Cumpre arrolá-las passo a passo, neste instante:

ü  A Estratégia do Prado ao Prato e a Estratégia da UE para a Biodiversidade, que proclamam acções-chave  e iniciativas que visam reduzir a pegada ambiental e climática dos sistemas alimentares da UE e a capacitar os consumidores para escolhas informadas, saudáveis e sustentáveis em matéria de géneros alimentícios;

 

ü  O recém-publicado roteiro atinente ao Plano de Acção para a Poluição Zero, cuja apresentação se diferiu para 2021, identifica os produtos de consumo como um domínio de acção importante e explora modalidades tendentes a  incentivar os consumidores a proceder a opções mais ecológicas;

 

ü  A Estratégia para a Sustentabilidade dos Produtos Químicos, revelou de análogo modo um sem-número de acções susceptíveis de incrementar a informação sobre os produtos químicos disponível para os consumidores, a protegê-los das substâncias mais nocivas e a promover produtos químicos seguros e sustentáveis desde a sua concepção;

 

ü  Precedendo o Plano de Acção de 2018, a Estratégia Renovada de Financiamento Sustentável para os anos subsequentes procurará oferecer aos consumidores novas oportunidades em vista de um impacto positivo na sustentabilidade, fornecendo-lhes informações fiáveis, completas e fidedignas (de confiança) em torno dos produtos financeiros em que investem; e

 

ü  A iniciativa Vaga de Renovação desenvolve uma estratégia em ordem à preparação dos consumidores para uma sociedade mais ecológica e digital, em que se inclui o reforço dos instrumentos de informação dispensados ou a dispensar aos consumidores.

 

V

PLANO DE ACÇÃO PARA A ECONOMIA CIRCULAR

O novo Plano de Acção para a Economia Circular, que cumpre de análogo modo – et pour cause – trazer à colação,  promove um sem-número de iniciativas específicas tendentes a 

§  combater a obsolescência precoce e

§  promover a durabilidade,

§  garantir a reciclagem e a

§  propiciar a reparação e a acessibilidade dos produtos, bem como

§  servir de alavanca à decisiva acção das empresas, neste particular.

A Iniciativa para os Produtos Sustentáveis - cujo escopo é, nomeadamente, o de disseminar pelo mercado a massa de produtos sustentáveis - estabelece princípios de sustentabilidade, avultando como propósito a revisão da Directiva Concepção Ecológica, de molde a difundir, alargando, o seu âmbito de aplicação, muito para além dos produtos que com a energia se imbriquem, concretizando a circularidade.

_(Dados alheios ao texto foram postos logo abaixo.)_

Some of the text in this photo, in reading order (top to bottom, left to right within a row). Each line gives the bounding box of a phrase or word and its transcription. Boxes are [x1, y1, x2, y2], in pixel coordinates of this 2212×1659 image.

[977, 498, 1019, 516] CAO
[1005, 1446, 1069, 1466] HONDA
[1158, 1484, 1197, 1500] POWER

Indispensáveis se tornam medidas regulamentares e não regulamentares adicionais para grupos específicos de produtos e serviços, como as TIC (tecnologias ede Informação e Comunicações), a electrónica ou os têxteis, bem como as embalagens.

Por exemplo:

ü  A Iniciativa sobre a Electrónica Circular visa garantir que os dispositivos electrónicos se concebam com vista à durabilidade, manutenção, reparação, desmontagem, desmantelamento, reutilização e reciclagem, e que aos consumidores se outorgue um «direito de reparação», em que se incluem as actualizações de software.

 

ü  A iniciativa que engloba um carregador universal para telemóveis e outros dispositivos portáteis visa tornar mais simples e fácil o dia-a-dia aos consumidores, reduzindo o emprego de materiais e os resíduos electrónicos associados à produção e à eliminação do produto específico quotidianamente  usado por uma mole imensa de consumidores.

 

ü  A Estratégia da UE para os Têxteis (que no futuro se adoptará) procurará possibilitar aos consumidores a escolha de têxteis sustentáveis, tornando mais fácil o seu acesso aos serviços de reutilização e reparação.

 

ü  A revisão da Directiva Embalagens e Resíduos de Embalagens tem por escopo tornar todas as embalagens reutilizáveis e recicláveis de forma economicamente viável, reduzindo o excesso de embalagens.

Tais iniciativas promoverão uma melhor retenção de valor, conferindo prioridade a produtos mais seguros e duradouros e garantindo a subsistência dos materiais no ciclo económico (recusar, reduzir, reparar, reutilizar e reciclar) durante o maior lapso de tempo possível.

Para forma a permitir um uso socialmente avantajado dos novos bens e serviços, bem como das novas abordagens do consumo, os consumidores carecem de uma mais adequada informação e de todo mais fiável sobre os aspectos da sustentabilidade dos bens e serviços, evitando-se em simultaneidade uma sobrecarga de informação (informação em excesso equivale a nula informação, a informação nenhuma…).

Quantos por bem se houveram submeter à consulta pública promovida a tal propósito, advertiram enfaticamente para uma clamorosa ausência informação e para preocupações em torno da fiabilidade das alegações ambientais e da informação sobre os produtos, como obstáculos relevantes a uma maior aceitação das escolhas de um consumo sustentável.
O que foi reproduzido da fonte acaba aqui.